=== What is being asked ===
Pictures aside, each entry has to be returned exactly as it stands.

=== Referring expression grounding data ===
↓↓↓
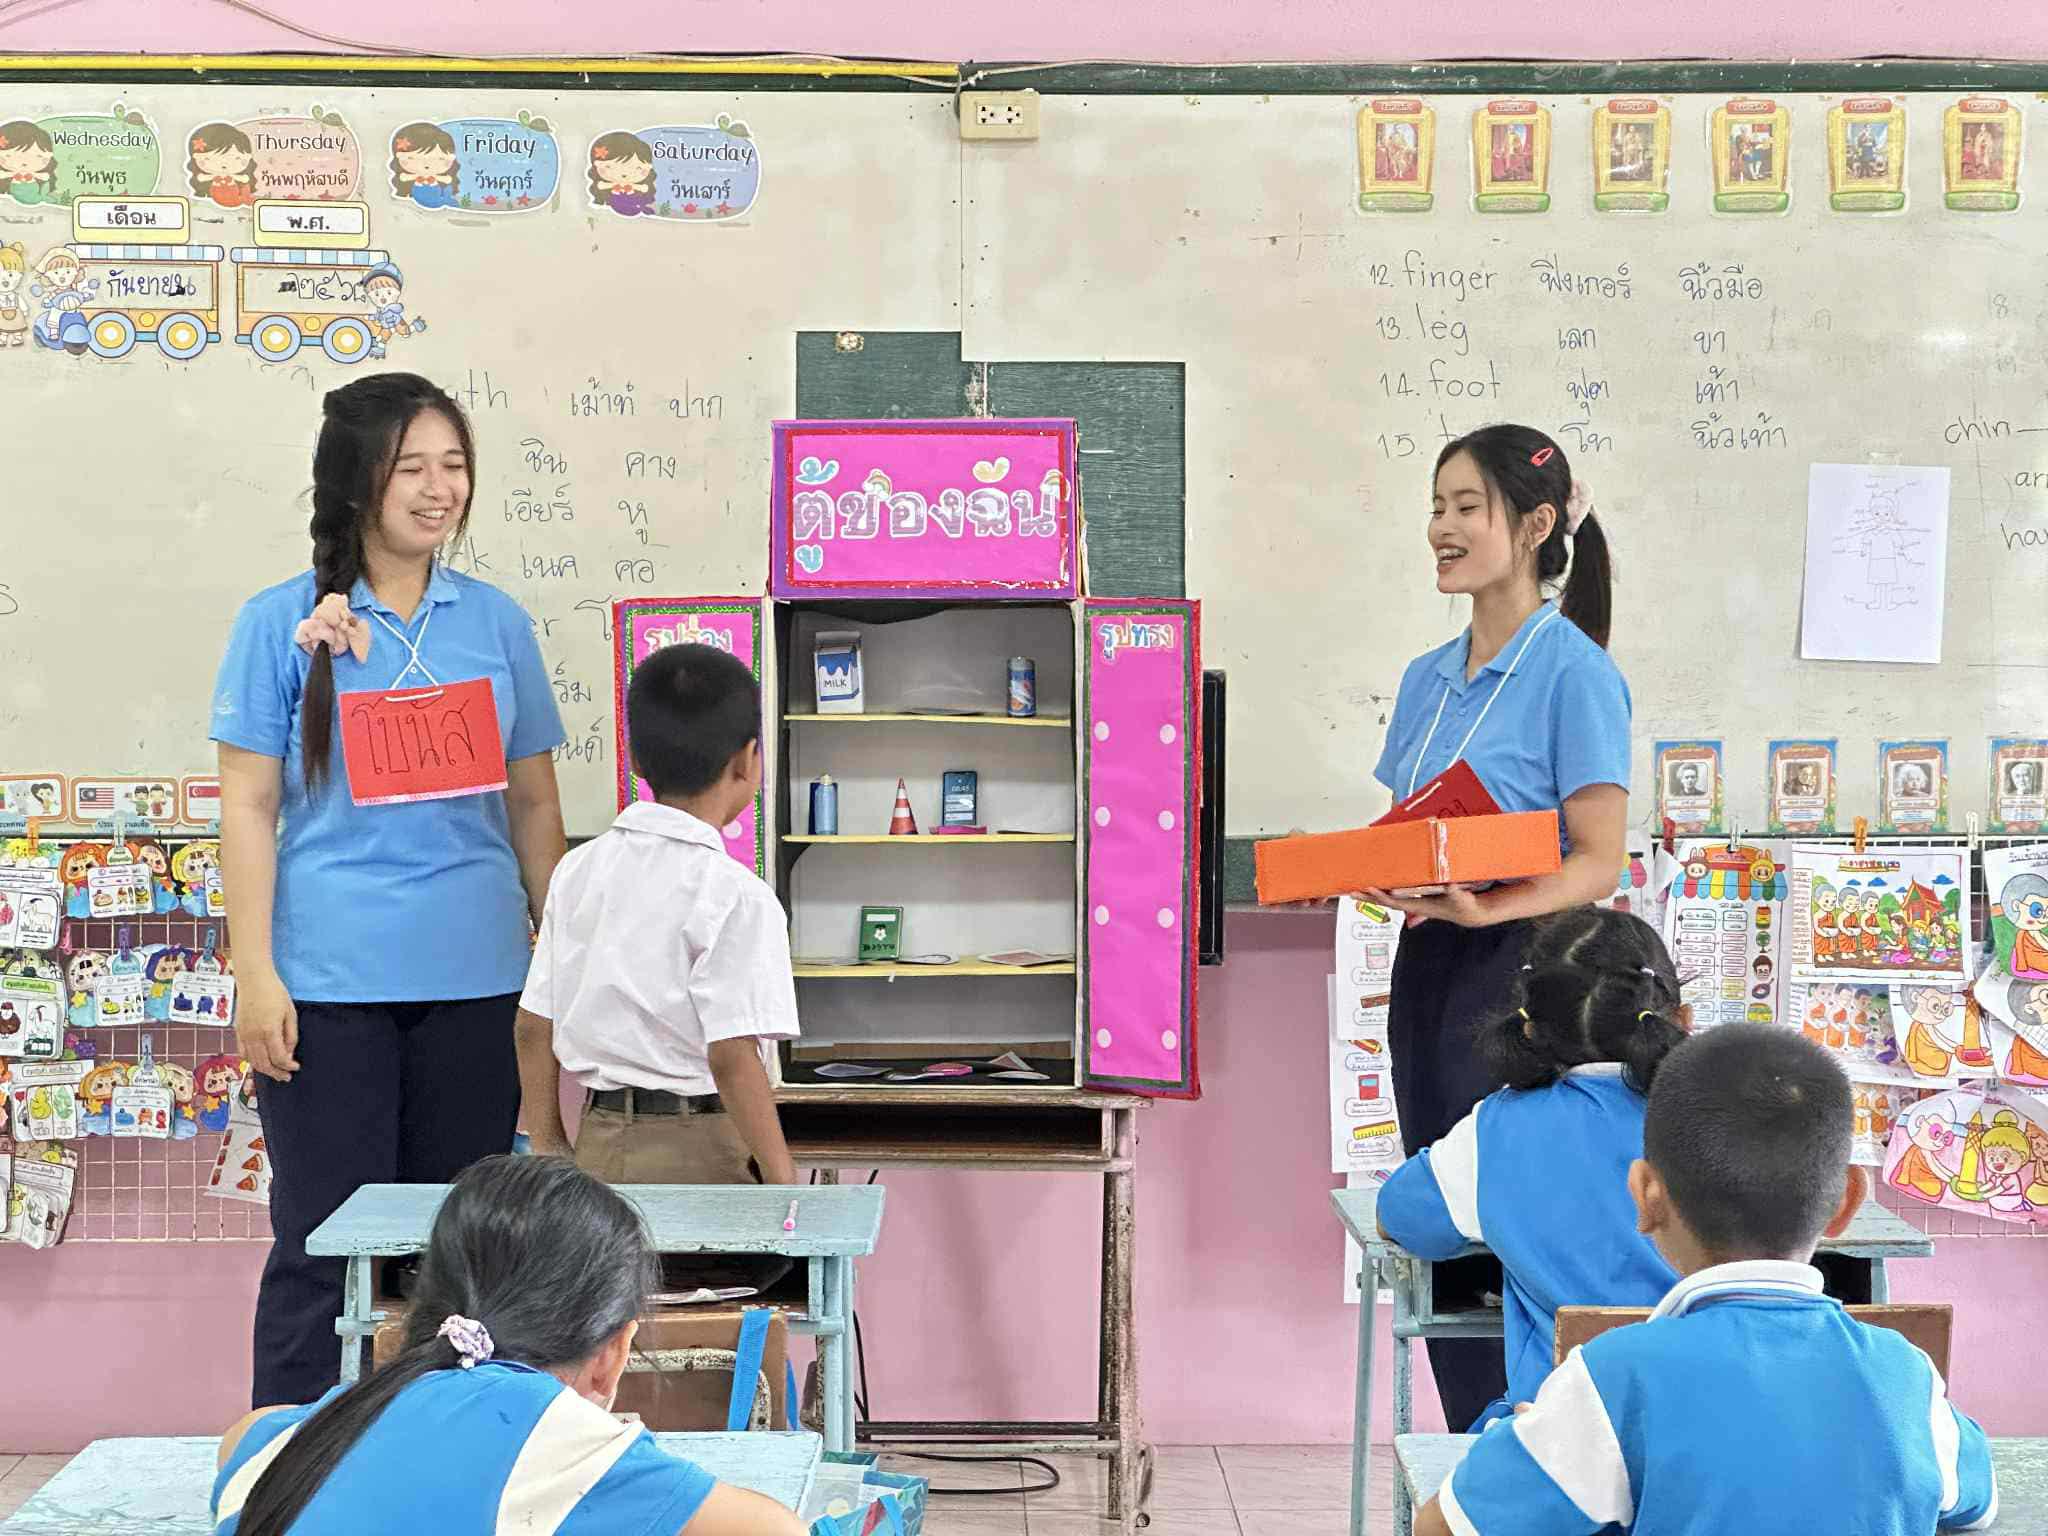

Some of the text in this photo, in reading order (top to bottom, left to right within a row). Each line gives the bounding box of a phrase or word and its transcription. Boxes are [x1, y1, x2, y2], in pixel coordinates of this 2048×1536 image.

[53, 131, 153, 150] Wednesday
[255, 132, 347, 153] Thursday
[463, 132, 536, 160] Friday
[653, 140, 754, 164] Saturday
[75, 165, 127, 192] วันพุธ
[261, 168, 349, 191] วันพฤหัสบดี
[474, 168, 534, 198] วันศุกร์
[670, 178, 731, 200] วันเสาร์
[107, 203, 157, 227] เดือน
[287, 212, 330, 231] พ.ศ.
[1402, 250, 1498, 301] finger
[1530, 254, 1632, 300] ฟิงเกอร์
[1679, 261, 1762, 300] นิ้วมือ
[1416, 303, 1468, 356] leg
[1693, 328, 1726, 353] ขา
[1427, 358, 1501, 399] foot
[1695, 365, 1740, 402] เท้า
[669, 377, 723, 419] ปาก
[1944, 416, 2011, 445] chin
[519, 438, 568, 475] ชิน
[625, 451, 677, 479] คาง
[2014, 470, 2048, 489] ar
[618, 499, 648, 546] หู
[793, 454, 1060, 574] ตู้ของฉัน
[614, 558, 656, 584] คอ
[1099, 618, 1175, 661] รูปทรง
[823, 679, 848, 689] MILK
↑↑↑
=== Exercise solution ===
Some of the text in this photo, in reading order (top to bottom, left to right within a row). Each line gives the bounding box of a phrase or word and its transcription. Boxes are [x1, y1, x2, y2], in pixel coordinates of this 2048×1536 image.

[53, 131, 153, 150] Wednesday
[255, 132, 347, 153] Thursday
[463, 132, 536, 160] Friday
[653, 140, 754, 164] Saturday
[75, 165, 127, 192] วันพุธ
[261, 168, 349, 191] วันพฤหัสบดี
[474, 168, 534, 198] วันศุกร์
[670, 178, 731, 200] วันเสาร์
[107, 203, 157, 227] เดือน
[287, 212, 330, 231] พ.ศ.
[1402, 250, 1498, 301] finger
[1530, 254, 1632, 300] ฟิงเกอร์
[1679, 261, 1762, 300] นิ้วมือ
[1416, 303, 1468, 356] leg
[1693, 328, 1726, 353] ขา
[1427, 358, 1501, 399] foot
[1695, 365, 1740, 402] เท้า
[669, 377, 723, 419] ปาก
[1944, 416, 2011, 445] chin
[519, 438, 568, 475] ชิน
[625, 451, 677, 479] คาง
[2014, 470, 2048, 489] ar
[618, 499, 648, 546] หู
[793, 454, 1060, 574] ตู้ของฉัน
[614, 558, 656, 584] คอ
[1099, 618, 1175, 661] รูปทรง
[823, 679, 848, 689] MILK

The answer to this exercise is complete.